Production in the Northeast was believed to have peaked in late 2019, and after an especially mild winter, coupled with low prices and the subsequent market crash, production in 2020 is expected to fall faster than previously modelled. For example, during the week of March 30, rig counts fell by 10% week-over-week, faster than our models suggested. Rigs fell another 10% the week after and fell another 14% last week, further lowering the production forecast outlook.

Figure 4: Baker Hughes Rig Counts. Source: Baker Hughes
Figure 3: Baker Hughes rig counts. Source: Baker Hughes

In the short term, Northeast production has remained steady at around 32.5 Bcf/d since early March. Production is forecasted to decline at much slower rates in the Northeast compared to oil rich plays; however, Southwest Pennsylvania, Ohio, and West Virginia have liquid rich gas and are therefore exposed to those markets.

Figure 5: Spring Rock East Gas Production Since 2015. Source: Genscape
Figure 4: Spring Rock east gas production since 2015. Source: Genscape

Due to the low oil prices seen over the last few weeks, natural gas production reduced where there is associated gas production, such as in the Permian; however, the Marcellus/Utica basin is slightly more insulated against oil prices due to significant dry gas production. Despite not being as exposed to oil, gas production economics were already suffering, with most producers announcing a steady state approach to 2020 activity. Production declines were already forecasted before the crisis began. In the Northeast, already low gas prices in production basins are a bigger threat for economic shut-ins than oil prices. The crisis has only worsened this outlook, with 2021 Northeast production forecasted to decline over 1 Bcf/d year-over-year more than what was forecasted before the crash.

Weak demand and steady near peak production in the East means that domestic gas storage is trending high. Despite seasonally average winter withdrawals, the EIA reported that storage in the East is at 400 Bcf as of April 17. This is 149 Bcf higher year-over-year, and rivals 2016, the last abnormally high storage year in the East. High inventory levels, near peak production, and weak demand all compound to a bearish outlook for Northeast prices.
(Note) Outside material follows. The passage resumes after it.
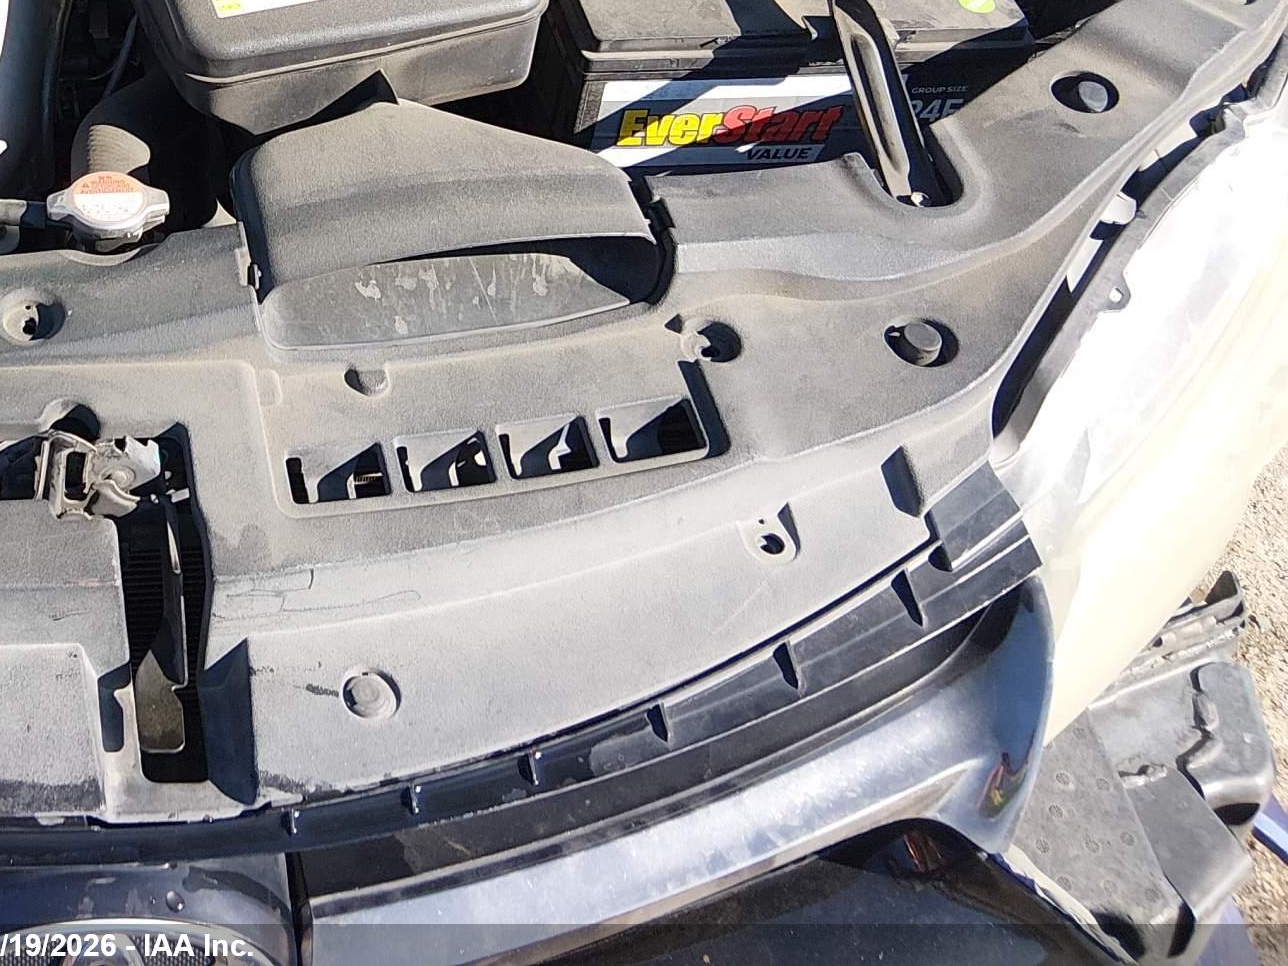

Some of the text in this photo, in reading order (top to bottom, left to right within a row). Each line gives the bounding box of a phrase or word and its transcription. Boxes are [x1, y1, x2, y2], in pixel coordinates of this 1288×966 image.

[912, 85, 969, 94] GROUP SIZE
[617, 105, 843, 146] EverStart
[745, 146, 812, 161] VALUE
Figure 5:  EIA 5 Region weekly reported storage in the East. Source: US Energy Information Administration
Figure 5: EIA 5 Region weekly reported storage in the East. Source: U.S. Energy Information Administration

International storage levels also have implications for the US market. European storage ended its winter at record levels, also due to a mild winter. On April 1, 2020 European inventory was at 2.04 Tcf, which is 54.07% full, 13.02% higher year-over-year, and it is currently around 570 Bcf higher year-over-year. The wider LNG market was already trending towards oversupply before the pandemic hit, but strong European storage means less demand for domestic LNG, and that feedgas will be pushed back into domestic markets.

Figure 6: European natural gas inventory levels since 2011. Source: Gas Infrastructure Europe AGSI
Figure 6: European natural gas inventory levels since 2011. Source: Gas Infrastructure Europe AGSI

Interestingly, the Northeast is currently a more attractive winter market for LNG than Europe or Asia. At the time of writing, the Algonquin Citygate strip from December 2020 to February 2021 currently averages $6.156/MMbtu and Transco Zone 6 averages $5.347, according to NGI Prices. Dutch TTF (the European market benchmark) is averaging $4.255 while JKM (the Asian market benchmark) is averaging $4.86. As American LNG cannot ship to the U.S. demand due to the Jones Act, this would make the Northeast an attractive destination for foreign LNG, with import facilities at Everett, Northeast Gateway, Canaport, and Cove Point further south.

As the situation continues to evolve, we will provide clients with the real-time insight they need to make important market decisions. To learn more about our services or talk with an expert, please click here.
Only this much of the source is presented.